Perhaps nothing this century has shaken the Charlottesville area more than the drought of 2002, when carwashes closed, restaurants served on paper plates and the water supply was within 60 days of running out.

And perhaps nothing has divided the community more than the multi-year battle waged over the plan to build a 129-foot-tall mega-dam at Ragged Mountain that would be filled with a nine-mile pipeline from the silting-up South Fork Rivanna Reservoir, from which most of the area’s water still comes.

Today, the pipeline is unbuilt and the South Fork is still filling with sediment, but the new $38 million dam at Ragged Mountain is complete and the reservoir is full, holding 1.5 billion gallons of water.

Champions of the Ragged plan gathered at the new dam on a rainy May 5 to toast the bounty of fresh water and celebrate National Drinking Water Week. Mike Gaffney, chair of the Rivanna Water & Sewer Authority, noted the “herculean effort” to get the dam approved and built, construction of which started in 2012 and was completed in 2014.

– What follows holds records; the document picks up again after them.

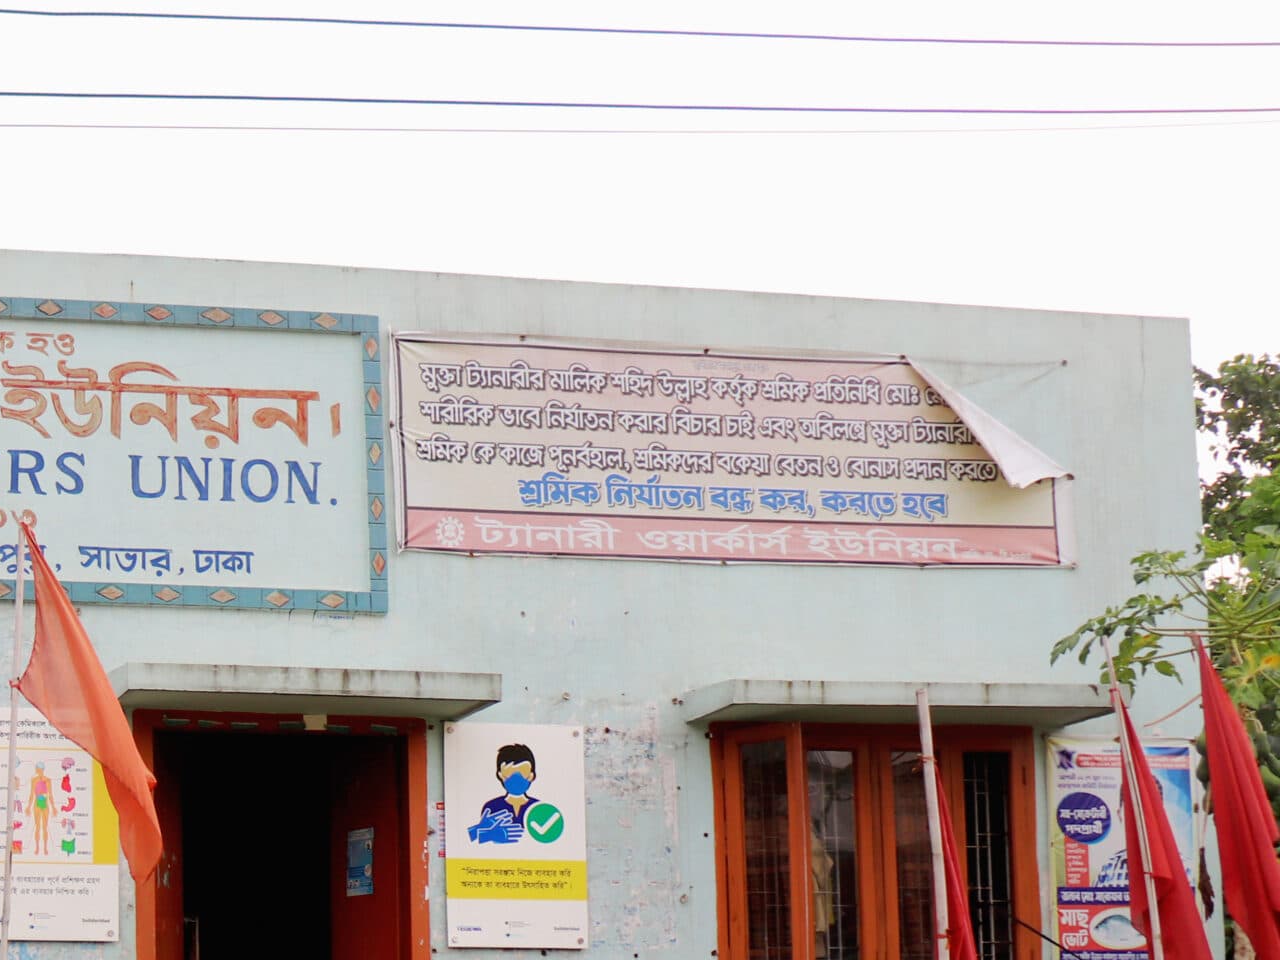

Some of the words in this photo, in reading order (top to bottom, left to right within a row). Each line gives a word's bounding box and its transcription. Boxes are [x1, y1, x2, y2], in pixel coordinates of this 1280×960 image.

[25, 332, 76, 357] হও
[420, 362, 462, 392] মুক্তা
[466, 360, 545, 391] ট্যানারীর
[548, 363, 608, 393] মালিক
[610, 365, 654, 397] শহিদ
[656, 370, 709, 406] উল্লাহ
[711, 373, 759, 406] কর্তৃক
[761, 373, 811, 403] শ্রমিক
[813, 373, 881, 406] প্রতিনিধি
[884, 381, 919, 406] মোঃ
[420, 396, 494, 426] শারীরিক
[498, 404, 541, 429] ভাবে
[545, 400, 615, 432] নির্যাতন
[617, 409, 668, 434] করার
[671, 406, 722, 436] বিচার
[725, 410, 754, 439] চাই
[758, 417, 796, 442] এবং
[798, 411, 868, 443] অবিলম্বে
[871, 420, 909, 449] মুক্তা
[128, 453, 339, 507] UNION.
[416, 434, 468, 462] শ্রমিক
[471, 441, 496, 464] কে
[499, 443, 545, 466] কাজে
[634, 442, 713, 473] শ্রমিকদের
[716, 451, 771, 477] বকেয়া
[774, 454, 824, 477] বেতন
[825, 457, 840, 477] ও
[843, 457, 900, 480] বোনাস
[903, 459, 947, 480] প্রদান
[949, 460, 998, 482] করতে
[517, 471, 601, 507] শ্রমিক
[605, 473, 705, 510] নির্যাতন
[708, 487, 753, 514] বন্ধ
[820, 490, 896, 520] করতে
[901, 492, 949, 522] হবে
[472, 515, 622, 550] ট্যানারী
[636, 525, 794, 556] ওয়ার্কার্স
[802, 527, 962, 561] ইউনিয়ন
[193, 550, 255, 574] ঢাকা

Former RWSA executive director Tom Frederick, who led the dam construction effort after a plan to pull water from the James River was rejected and who just finished his tenure here to take a new job in Loudoun County, recalled the community’s fear of drought—and fear of clear cutting and destruction of habitat in the natural area around the reservoir.

“We’re putting to rest permanently the notion this would be an environmental wreck,” said Frederick. “We recognize and prove we as humans can live together with nature.”

Albemarle Board of Supervisors Chair Liz Palmer was on the Albemarle County Service Authority Board when the debate raged, and she noted that the new dam “was only part of the plan.” Palmer listed aging infrastructure—both the 1920s-built pipeline from Sugar Hollow reservoir used to fill Ragged Mountain and the Observatory Hill Water Treatment Plant, which processes water from the Ragged reservoir, are “antiquated,” she said.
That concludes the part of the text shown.